Mostly, that’s still true. Luxury cars that were manufactured in low quantities in short production runs continue to dominate the list of vehicles that appreciate in value. But today, a new breed of cars is emerging that has the potential to appreciate even while still in production, as the first entries on this list will prove.
Tesla Models S and X
Tesla recently upped the price of its high-end models S and X in response to ever-growing consumer demand, but even as the company continues cranking them out, some of these supremely impressive luxury EVs might actually be on their way to gaining value. They both start around $100,000 and — depending on the trim — deliver astonishing specs like 1,000-plus horsepower, ranges of around 400 miles and, in the case of the Model S, the ability to vault from 0-60 mph in less than 2 seconds.
In 2019, Elon Musk made headlines when he said that Teslas were on their way to becoming the world’s first appreciating production vehicle. His logic was that the AI and self-driving technology found within continuously improve over time through software updates. In 2020, Car Edge conducted a study that showed that the Model 3 holds its value better than just about any car in any category — 92% after one year, 85% after two years and 77% after three years. That same year, it emerged that Musk’s vision was coming true, at least temporarily, as Teslas listed on Credit Karma began to gain value, just as he predicted.
The Volvo V90 has all the hallmarks of a collector’s item.

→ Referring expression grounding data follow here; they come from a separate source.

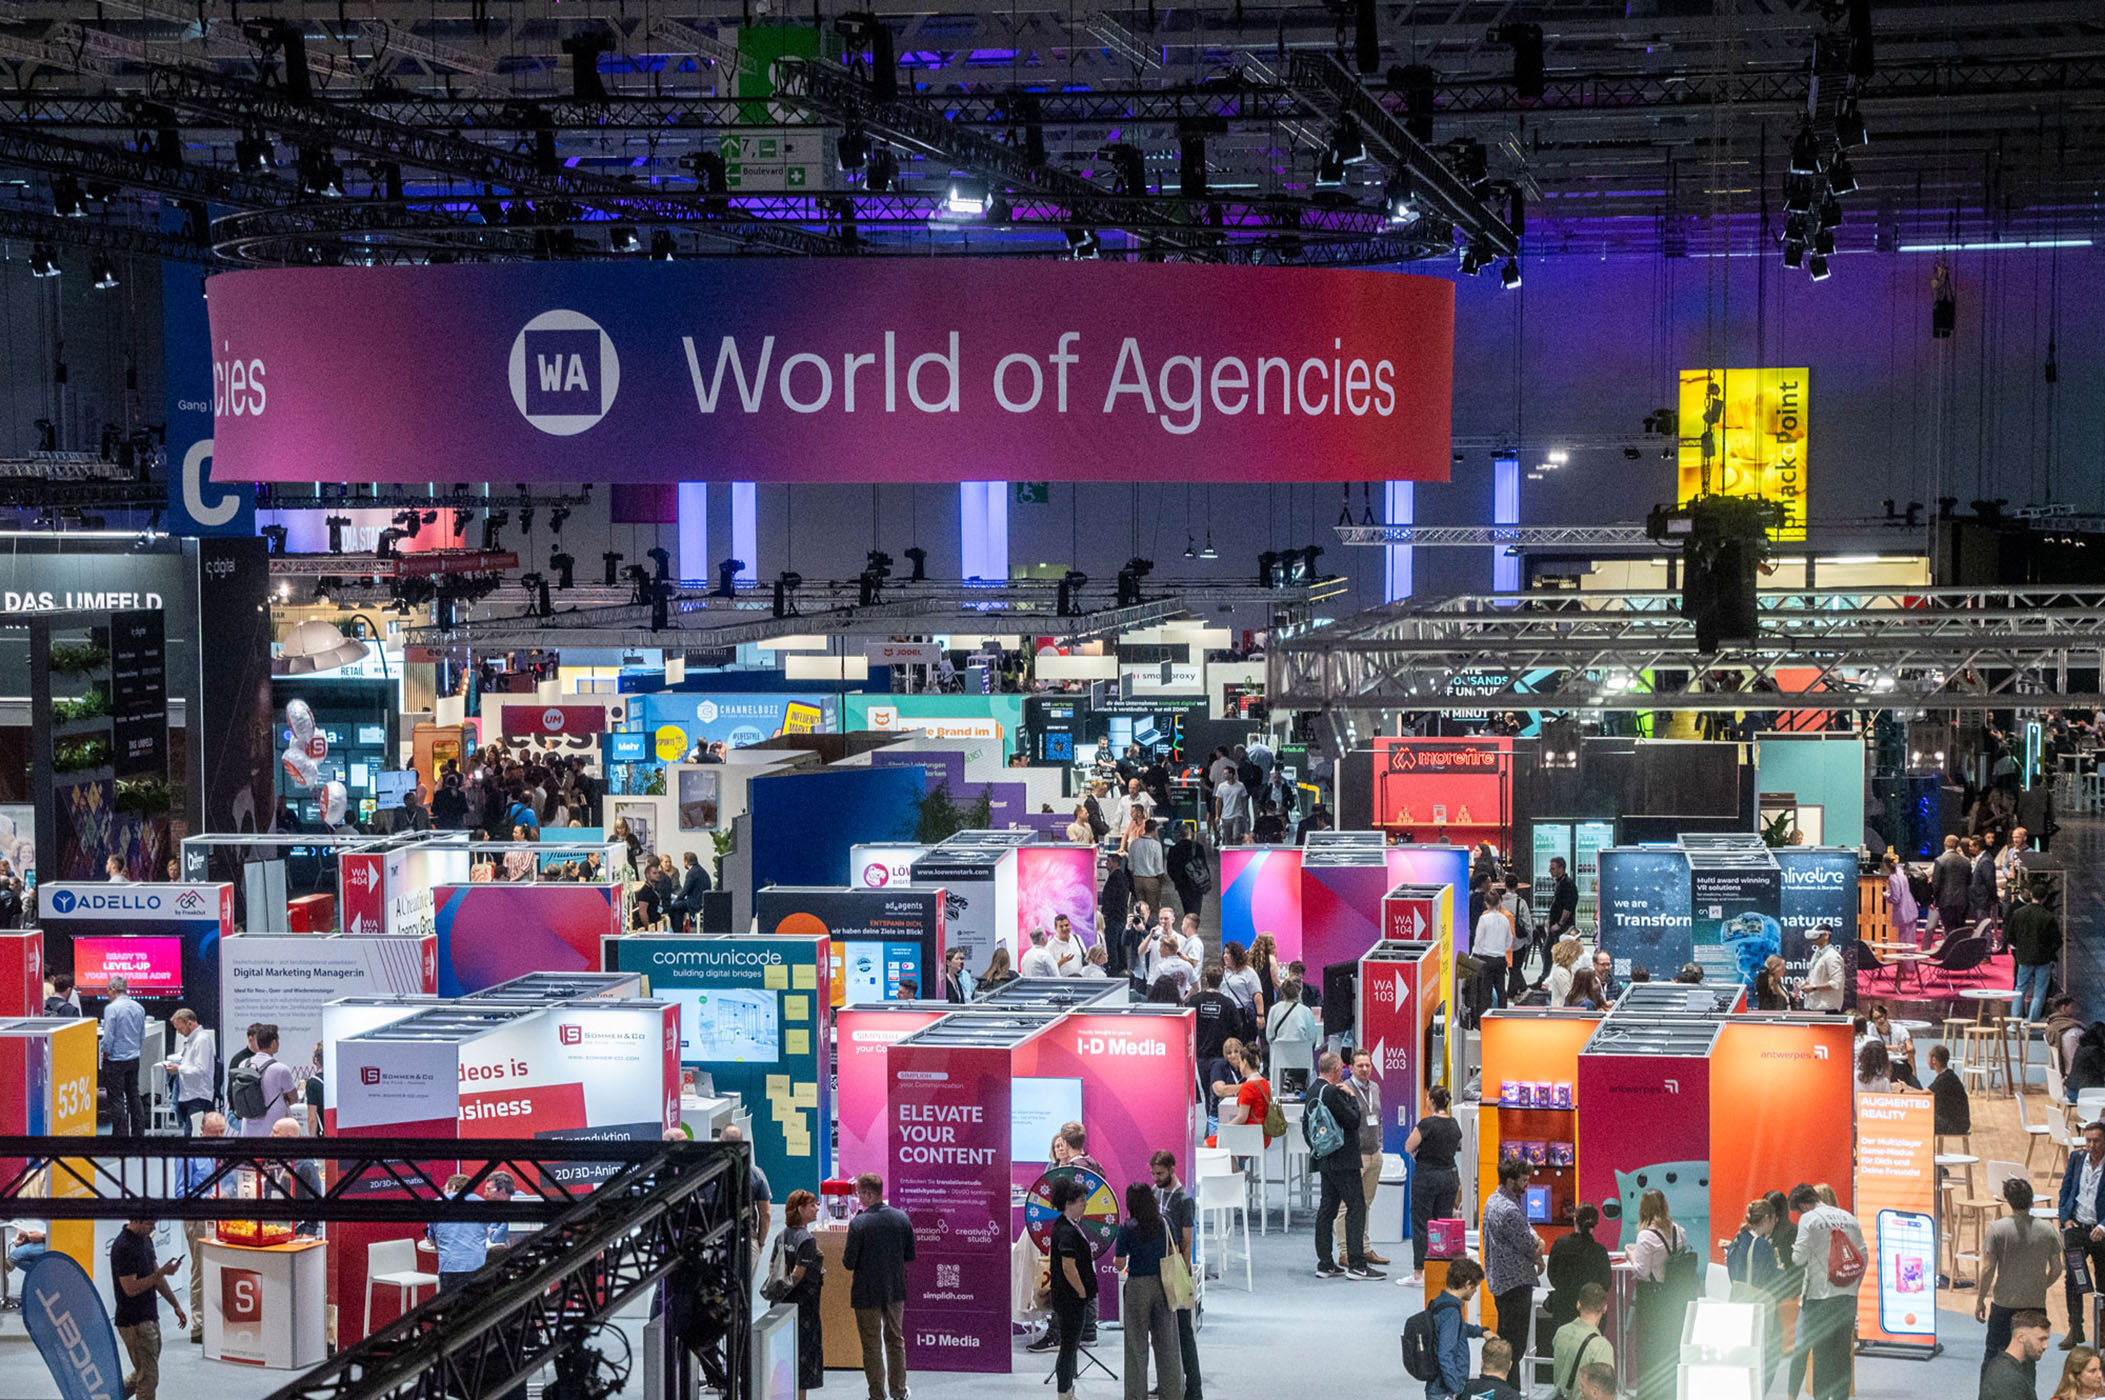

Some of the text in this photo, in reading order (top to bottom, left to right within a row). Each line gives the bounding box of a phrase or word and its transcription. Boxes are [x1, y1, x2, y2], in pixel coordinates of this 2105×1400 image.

[742, 167, 784, 175] Boulevard
[537, 353, 590, 392] WA
[682, 331, 1397, 436] World of Agencies
[177, 400, 207, 412] Gang
[1776, 381, 1799, 444] Point
[182, 439, 241, 527] C
[4, 592, 54, 610] DAS
[340, 664, 364, 676] RETAIL
[720, 704, 779, 714] CHANNELBUZZ
[545, 715, 561, 724] UM
[937, 727, 989, 737] Brand im
[618, 742, 640, 751] Mehr
[1418, 748, 1495, 766] morefire
[352, 868, 368, 877] WA
[352, 877, 368, 886] 404
[1696, 877, 1771, 887] Multi award winning
[77, 895, 161, 909] ADELLO
[396, 898, 402, 917] A
[362, 919, 378, 928] WA
[1394, 916, 1413, 925] WA
[1394, 925, 1413, 934] 104
[653, 949, 782, 966] communicode
[103, 962, 151, 970] LEVEL-UP
[233, 967, 365, 979] Digital Marketing Manager:in
[673, 969, 762, 979] building digital bridges
[1373, 980, 1394, 990] WA
[1374, 992, 1394, 1001] 103
[855, 1045, 875, 1054] your
[1078, 1038, 1167, 1056] I-D Media
[1386, 1048, 1407, 1058] WA
[1761, 1051, 1812, 1060] antwerpes
[510, 1058, 529, 1077] is
[1385, 1059, 1407, 1070] 203
[1608, 1084, 1661, 1095] antwerpes
[58, 1076, 92, 1120] 53%
[1861, 1096, 1931, 1109] AUGMENTED
[900, 1105, 984, 1123] ELEVATE
[1861, 1109, 1906, 1120] REALITY
[899, 1125, 956, 1143] YOUR
[899, 1146, 996, 1165] CONTENT
[955, 1227, 992, 1237] creativity
[235, 1280, 254, 1313] S
[923, 1291, 974, 1301] simplidh.com
[916, 1333, 980, 1347] I-D Media

The Swedish automaker announced that 2021 would be the V90’s final year, which means no more will ever be made — a key ingredient for appreciation in non-Tesla cars.
Equally important, however, is just how few of them are actually in circulation. According to Road and Track, Volvo required U.S.-based customers to special order the V90 — just 1,453 of them have been sold in America since 2017.

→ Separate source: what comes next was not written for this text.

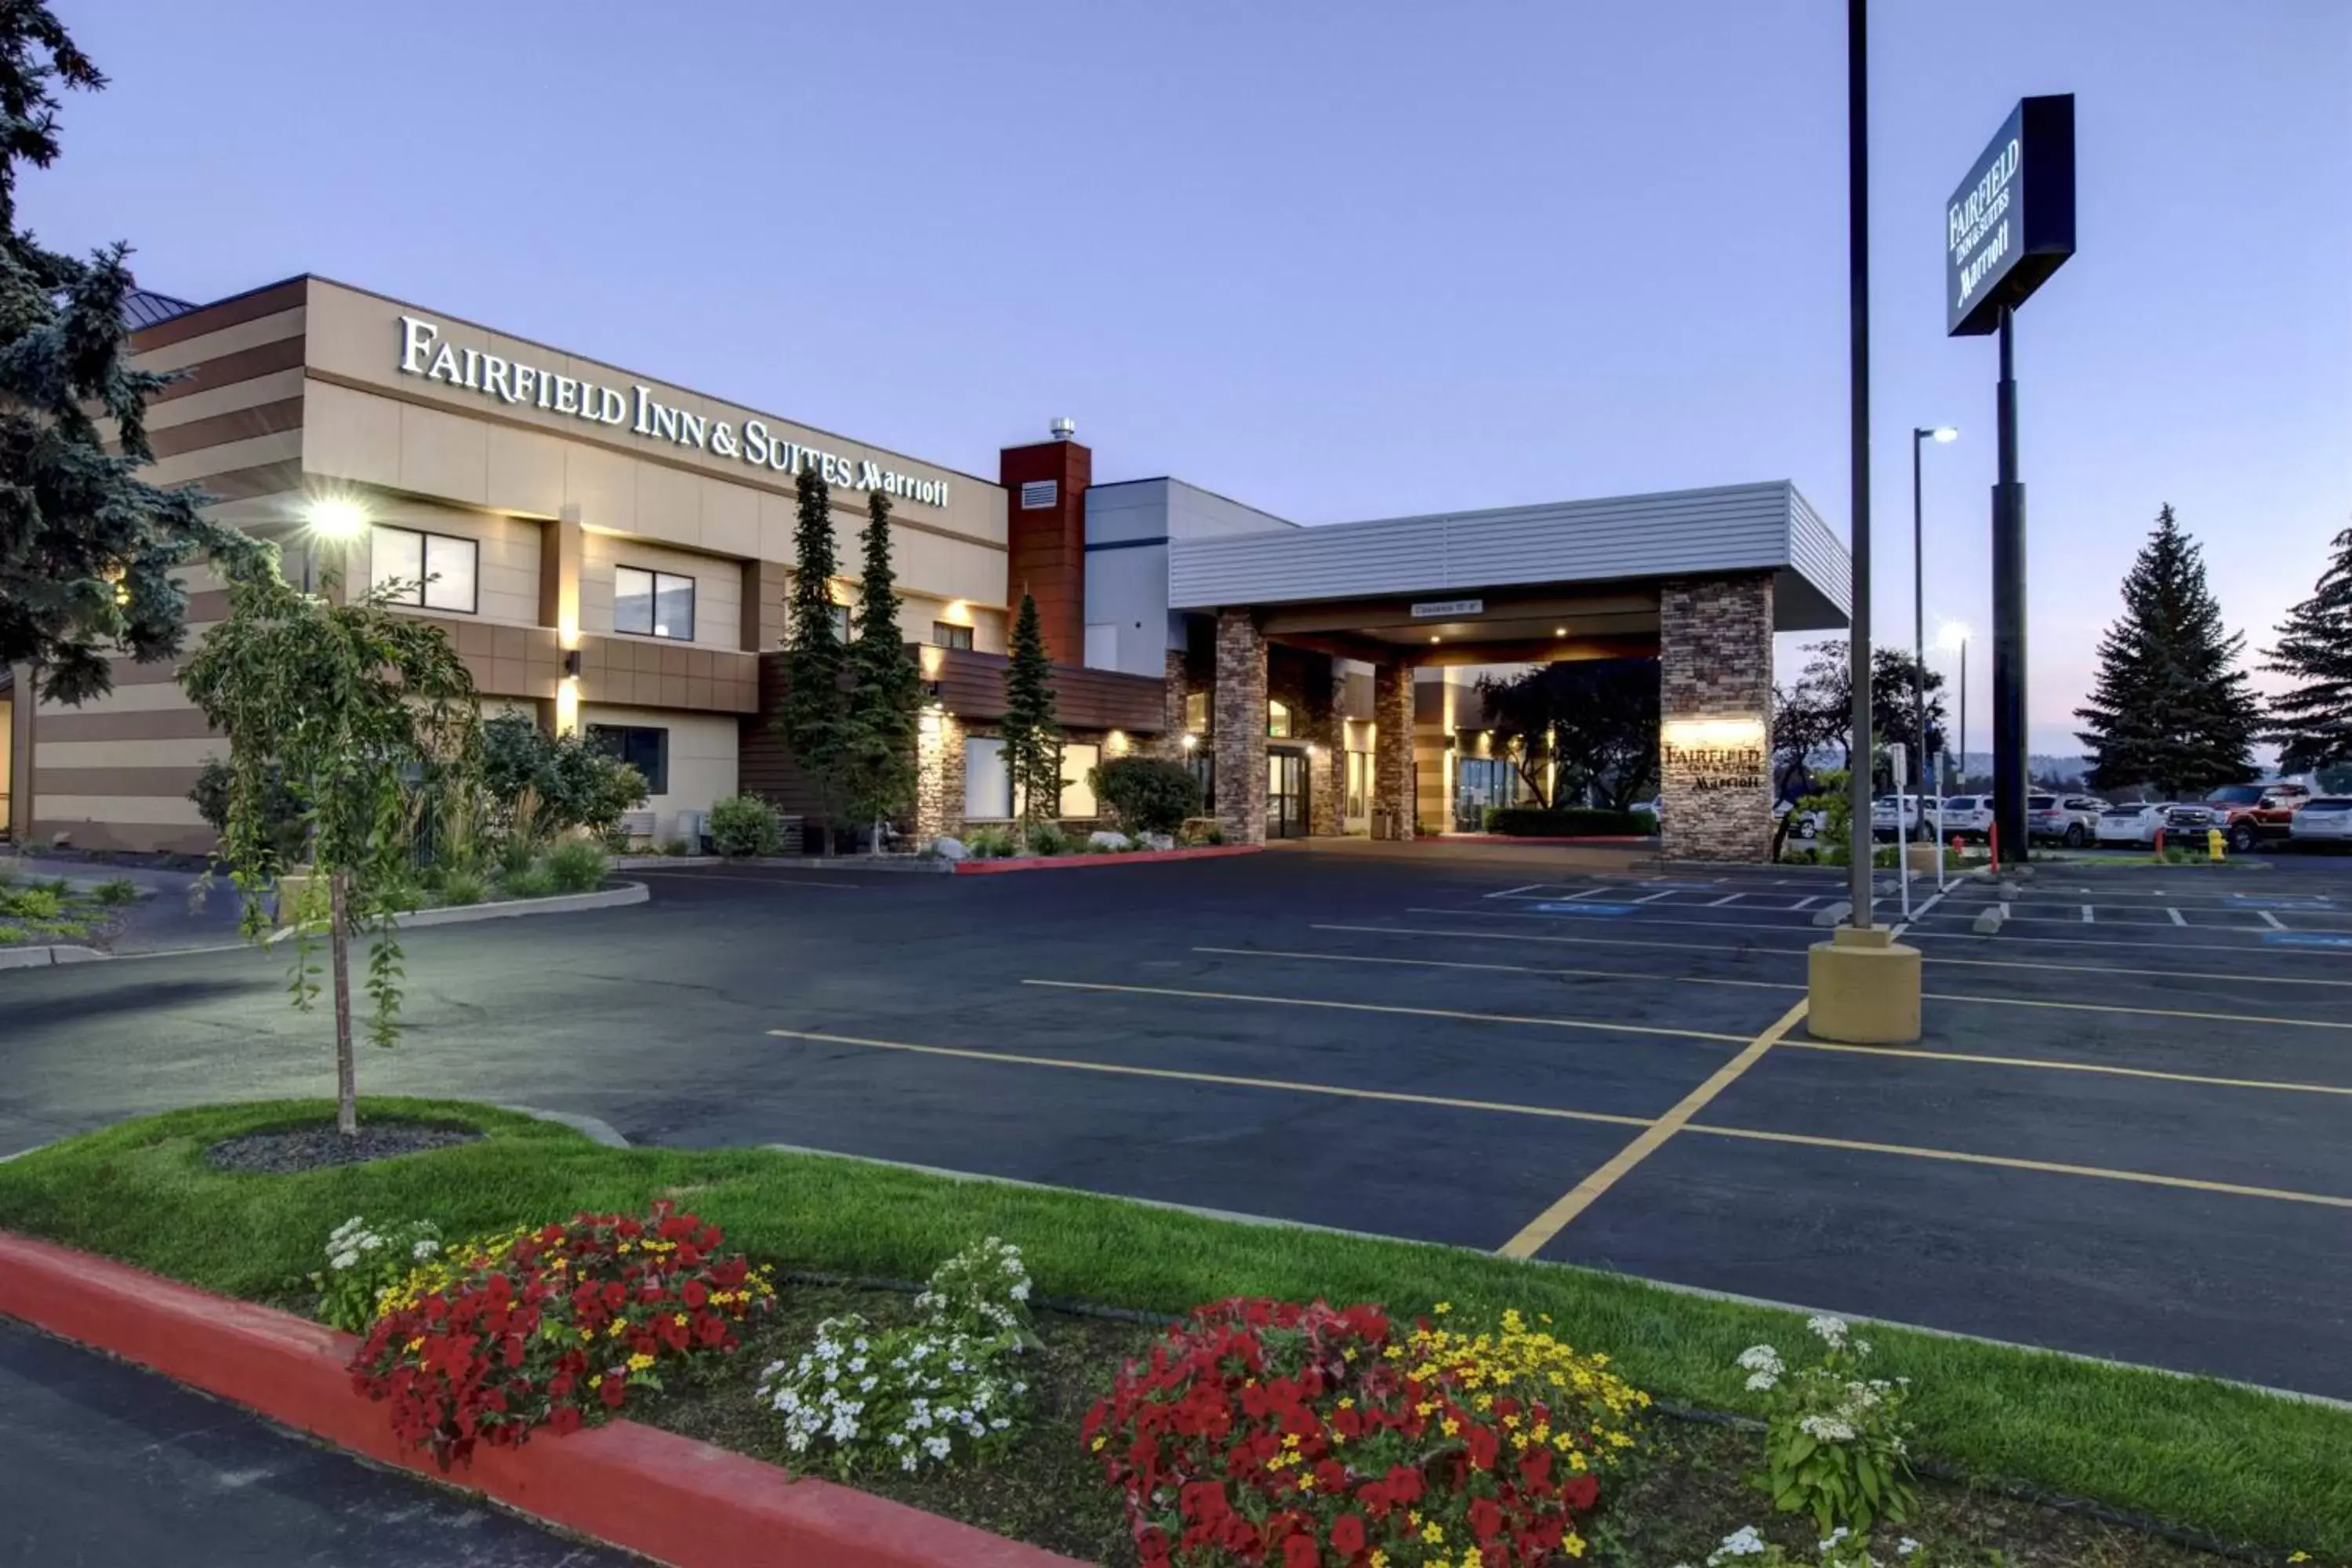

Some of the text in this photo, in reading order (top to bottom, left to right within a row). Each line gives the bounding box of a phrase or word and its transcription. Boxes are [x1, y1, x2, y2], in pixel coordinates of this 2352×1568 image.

[1949, 138, 2020, 251] FAIRFIELD
[1958, 219, 2009, 308] Marriott
[400, 315, 948, 507] FAIRFIELD INN & SUITES Marriott

Another factor that makes the V90 a rarity is its body style — it’s a wagon, and wagons began going out of vogue in the early 1990s with the arrival of SUVs. But it’s hardly just any wagon. A sleek, gorgeous, and practical vehicle, it’s hard to argue that it’s not the most beautiful long-roof that Volvo has ever made. With a 2021 MSRP of $55,200, it’s luxurious but accessible.
Alfa Romeo 4C Spider
Car and Driver called the Alfa Romeo 4C “likely the most uncompromised and most demanding sports car available.” It’s also one of the hardest sports cars to find. Alpha Romeo sold just 144 4Cs — both convertibles and coupes combined — in 2019, according to Motor1. Car and Driver reported that the Italian automaker sold just 71 4Cs in 2020, its last year of production.

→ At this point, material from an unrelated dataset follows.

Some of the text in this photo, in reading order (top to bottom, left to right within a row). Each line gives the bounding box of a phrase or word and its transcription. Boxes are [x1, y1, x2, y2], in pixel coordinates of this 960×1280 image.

Most people will never see one, which is a shame because if you do see a 4C, you won’t mistake it for anything else. KBB wrote, “There isn’t much else in the market quite like the Alfa Romeo 4C Spider.” It’s a race car more than a sports car — it contains room for one driver, one passenger and nothing else. It’s as sleek and athletic on the outside as it is spartan on the inside, and it delivers all the acceleration, power, and handling that its looks would lead you to believe. At around $70,000, it delivers that package for much less than the Jaguar F-Type, BMW Z4, Audi TT or Porsche 718 Boxster and Cayman.
The debut vehicle of Volvo’s new EV brand, the Polestar 1 has a lot going for it in terms of cars that could be a wise investment. When it first unveiled the beautiful and curvy Polestar 1 in 2017, Volvo was clear that it would produce only 500 of them per year. With a production run of just 1,500 over three years, it’s an inherently rare vehicle — but its drivetrain also makes it unique.
It’s a hybrid, and years from now, when an EV-only world looks back on how it got there, the Polestar 1 might be the perfect collector’s item to represent the best of the era that bridged the old ICE world with the fully electric future. Although it boasts the longest range of any hybrid on the market, the Polestar 1 delivers 619 horsepower. With an MSRP of $155,000, it’s a marvel of precision engineering and ultra-luxe creature comforts. 2021 is its last year and another like it will never be produced — all Polestar vehicles will be fully EV from here on out.